■ What is required ■
Please restate every entry exactly. Leave out the pictures.

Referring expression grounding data
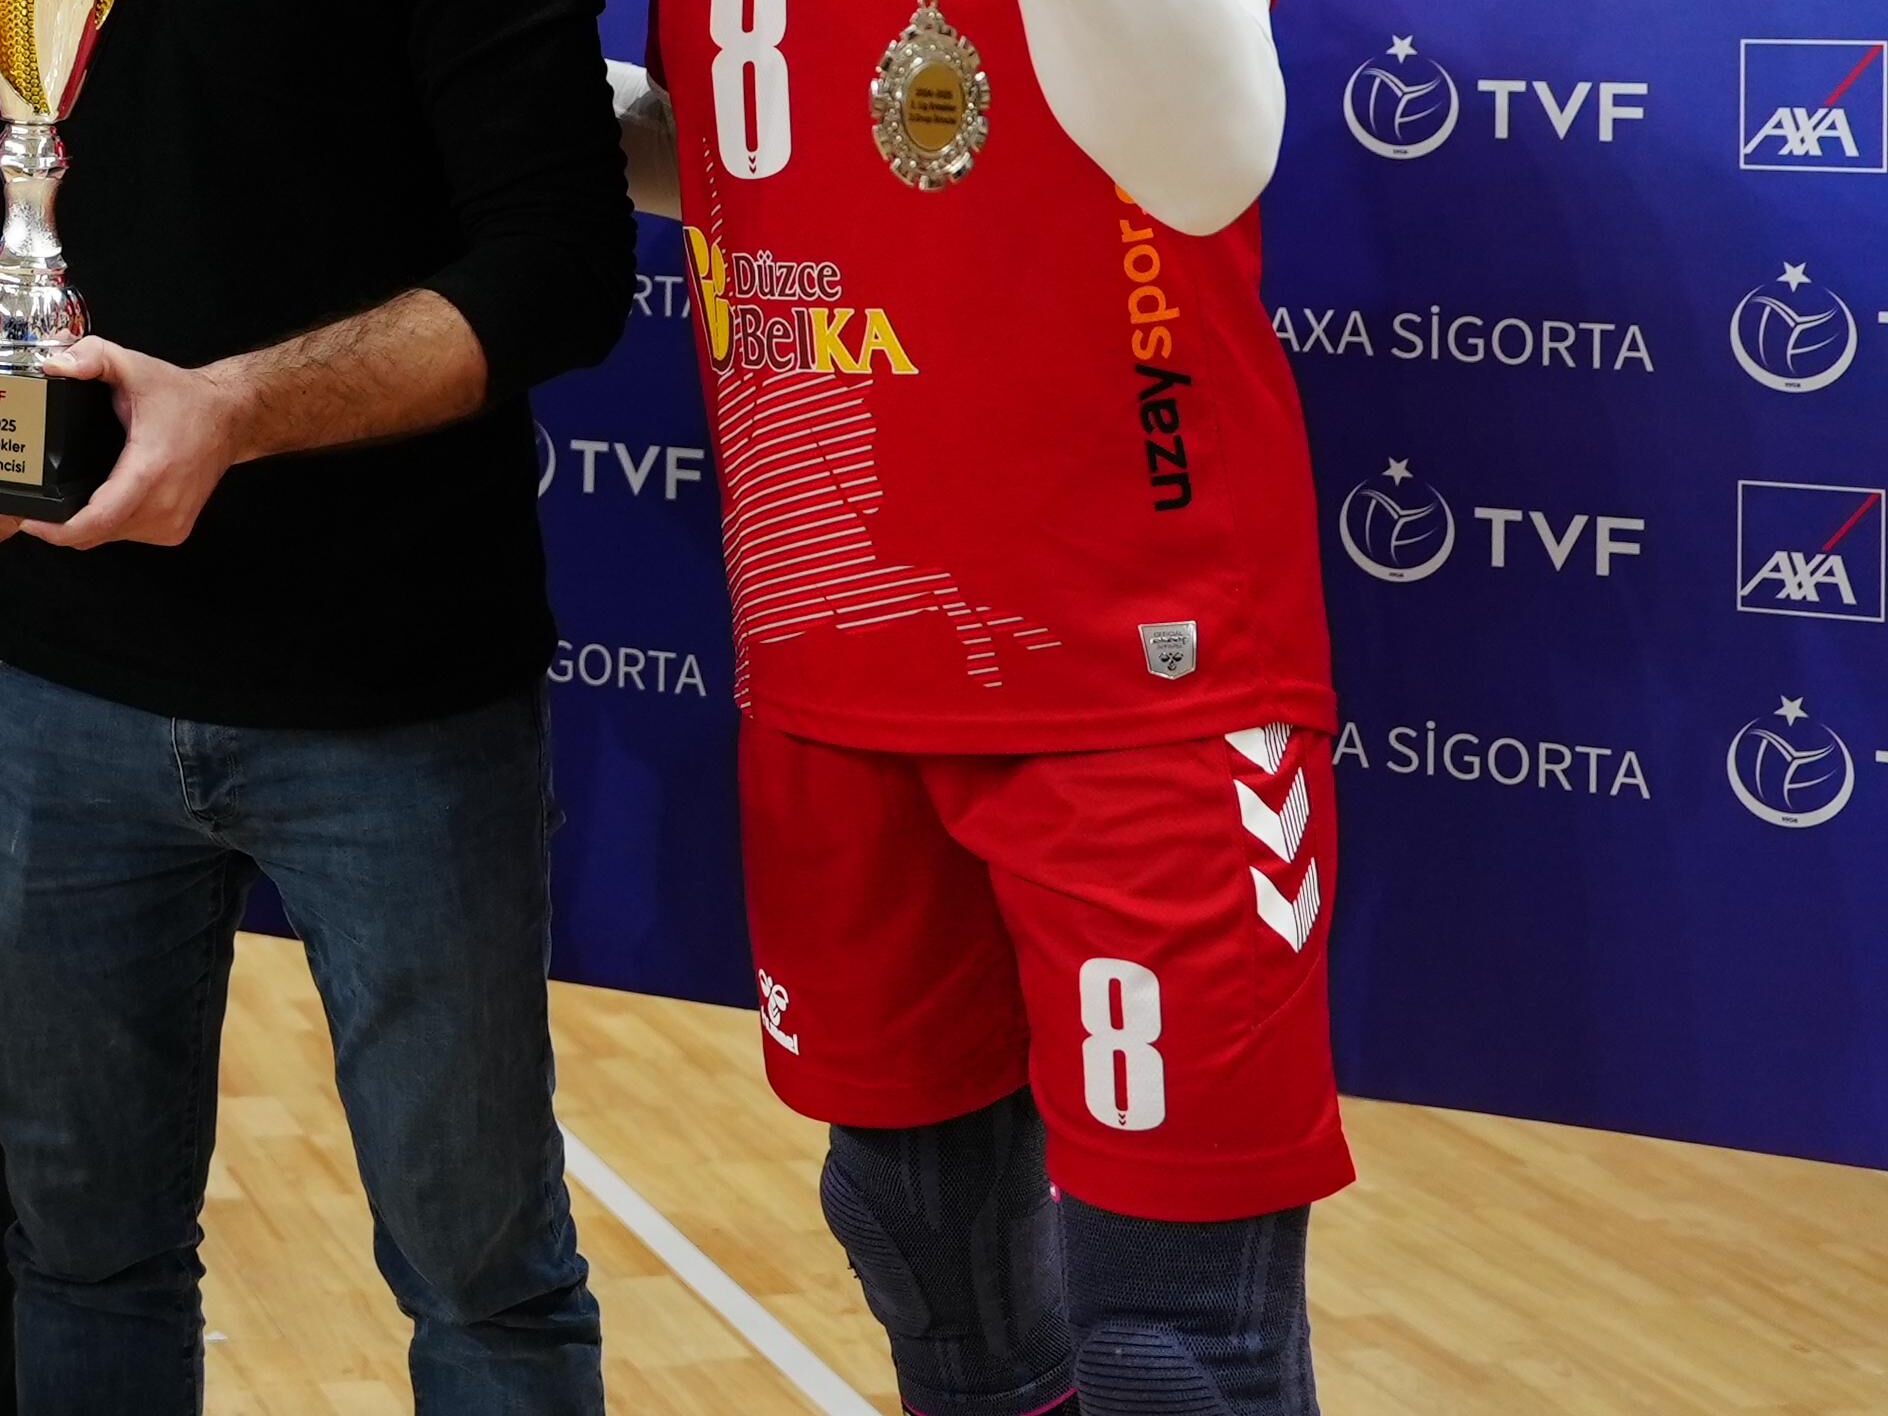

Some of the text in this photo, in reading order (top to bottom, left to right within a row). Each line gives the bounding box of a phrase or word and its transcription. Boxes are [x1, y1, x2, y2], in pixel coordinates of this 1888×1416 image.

[1477, 79, 1648, 142] TVF
[1743, 106, 1860, 157] AXA
[730, 249, 842, 300] Düzce
[734, 304, 920, 376] BelKA
[1272, 305, 1655, 374] AXA SİGORTA
[570, 439, 705, 501] TVF
[1474, 507, 1645, 577] TVF
[1739, 550, 1858, 606] AXA
[547, 639, 707, 697] GORTA
[1385, 720, 1651, 800] SİGORTA
[1079, 957, 1166, 1131] 8

■ Answer below ■
Some of the text in this photo, in reading order (top to bottom, left to right within a row). Each line gives the bounding box of a phrase or word and its transcription. Boxes are [x1, y1, x2, y2], in pixel coordinates of this 1888×1416 image.

[1477, 79, 1648, 142] TVF
[1743, 106, 1860, 157] AXA
[730, 249, 842, 300] Düzce
[734, 304, 920, 376] BelKA
[1272, 305, 1655, 374] AXA SİGORTA
[570, 439, 705, 501] TVF
[1474, 507, 1645, 577] TVF
[1739, 550, 1858, 606] AXA
[547, 639, 707, 697] GORTA
[1385, 720, 1651, 800] SİGORTA
[1079, 957, 1166, 1131] 8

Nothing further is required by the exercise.